De meeste algen kunnen dagen, weken of maanden leven. Kleine algen komen soms gedurende een korte periode van het jaar in overvloed voor en blijven de rest van het jaar slapend. Bij sommige soorten is de slapende vorm een resistente cyste, terwijl andere soorten in vegetatieve toestand blijven, maar in zeer lage populatie-aantallen. Sommige grote, aanhangende soorten zijn echte overblijvende planten. Zij kunnen het hoofdlichaam verliezen aan het eind van het groeiseizoen, maar het aanhechtingsdeel, de houvast, produceert pas nieuwe groei aan het begin van het volgende groeiseizoen.
De rode algen, zoals geïllustreerd door Polysiphonia, hebben een van de meest complexe levenscycli die bekend zijn van levende organismen. Na meiose worden vier haploïde tetraspora geproduceerd, die ontkiemen en een mannelijke of een vrouwelijke gametofyt voortbrengen. Wanneer de mannelijke gametofyt volgroeid is, produceert hij speciale spermatangiale vertakkingen die structuren dragen, spermatangia genaamd, die spermatia bevatten, de mannelijke gameten. De vrouwelijke gametofyt produceert speciale carpogoniale vertakkingen die carpogonia dragen, de vrouwelijke gameten. De bevruchting vindt plaats wanneer een mannelijk spermatium, gedragen door de waterstromen, in botsing komt met het verlengde gedeelte van een vrouwelijke carpogonium en de twee gameten versmelten. Het bevruchte carpogonium (de zygote) en het omliggende vrouwelijke gametofytweefsel ontwikkelen zich tot een mandachtige of pustelachtige structuur, carposporofyt genoemd. De carposporofyt produceert en scheidt uiteindelijk diploïde carpospora af die zich ontwikkelen tot tetrasporofyten. Bepaalde cellen van de tetrasporofyt ondergaan meiose om tetraspora te produceren, en de cyclus wordt herhaald. In de levenscyclus van Polysiphonia, en veel andere rode algen, zijn er afzonderlijke mannelijke en vrouwelijke gametofyten, carposporofyten die zich ontwikkelen op de vrouwelijke gametofyten, en afzonderlijke tetrasporofyten.

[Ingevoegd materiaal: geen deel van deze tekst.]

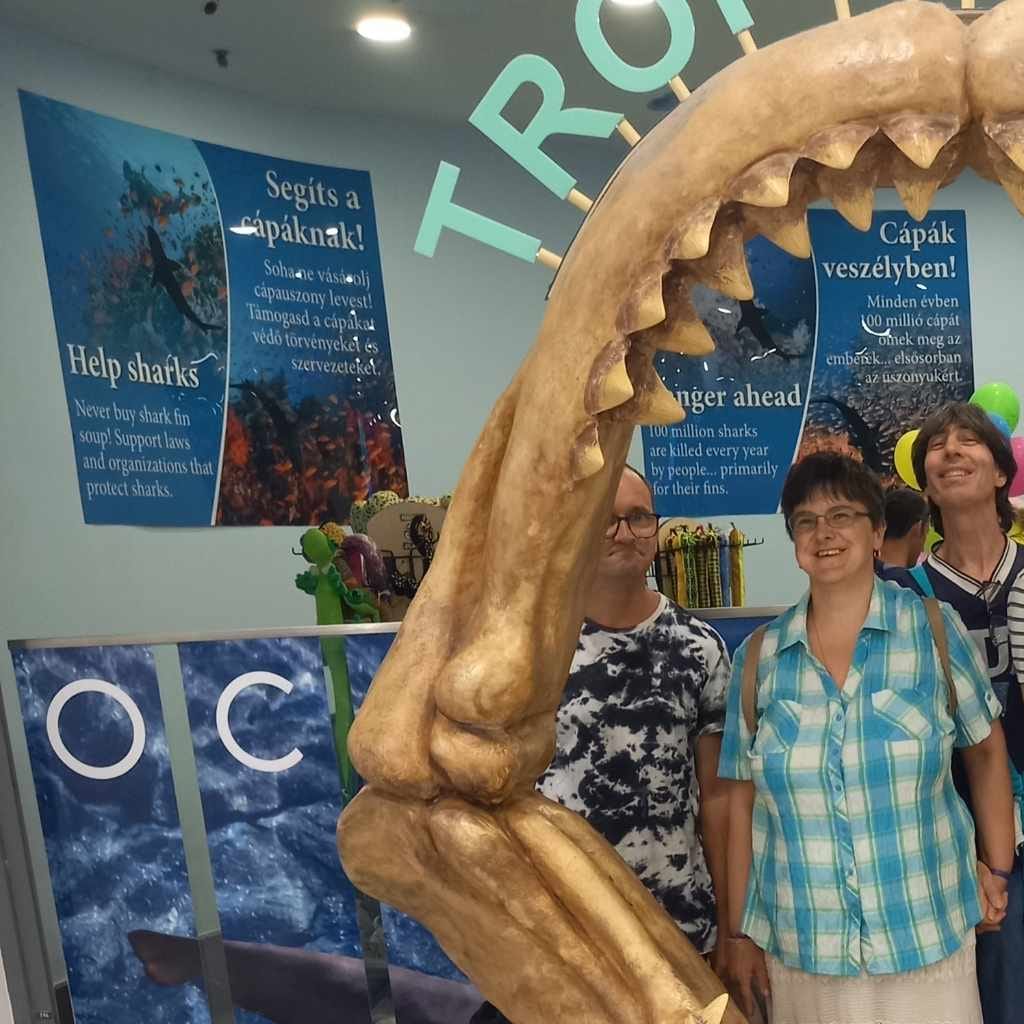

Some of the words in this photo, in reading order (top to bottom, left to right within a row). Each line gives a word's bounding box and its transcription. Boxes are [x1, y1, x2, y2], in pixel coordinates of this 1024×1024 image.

De levenscycli van diatomeeën, die diploïd zijn, zijn ook uniek. Diatomeeënwanden, of frustules, zijn samengesteld uit twee overlappende delen (de kleppen). Tijdens de celdeling vormen zich twee nieuwe kleppen in het midden van de cel en verdelen het protoplasma in twee delen. Bijgevolg zijn de nieuwe kleppen meestal iets kleiner dan de oorspronkelijke, zodat na vele opeenvolgende generaties de meeste cellen in de groeiende populatie kleiner zijn dan hun ouders. Wanneer dergelijke diatomeeën een kritisch kleine omvang bereiken, kan de geslachtelijke voortplanting worden gestimuleerd. De kleine diploïde cellen ondergaan meiose, en bij pennate (dunne, elliptische) diatomeeën versmelten de resulterende haploïde gameten tot een zygote, die vrij groot wordt en een speciaal soort cel vormt, een auxospore genaamd. De auxospore deelt zich en vormt twee grote, vegetatieve cellen, en op deze wijze wordt de grotere omvang vernieuwd. Bij centrische diatomeeën is er een duidelijke differentiatie tussen niet-beweeglijke vrouwelijke gameten, die als eicellen fungeren, en beweeglijke (meestal eencellige) mannelijke gameten.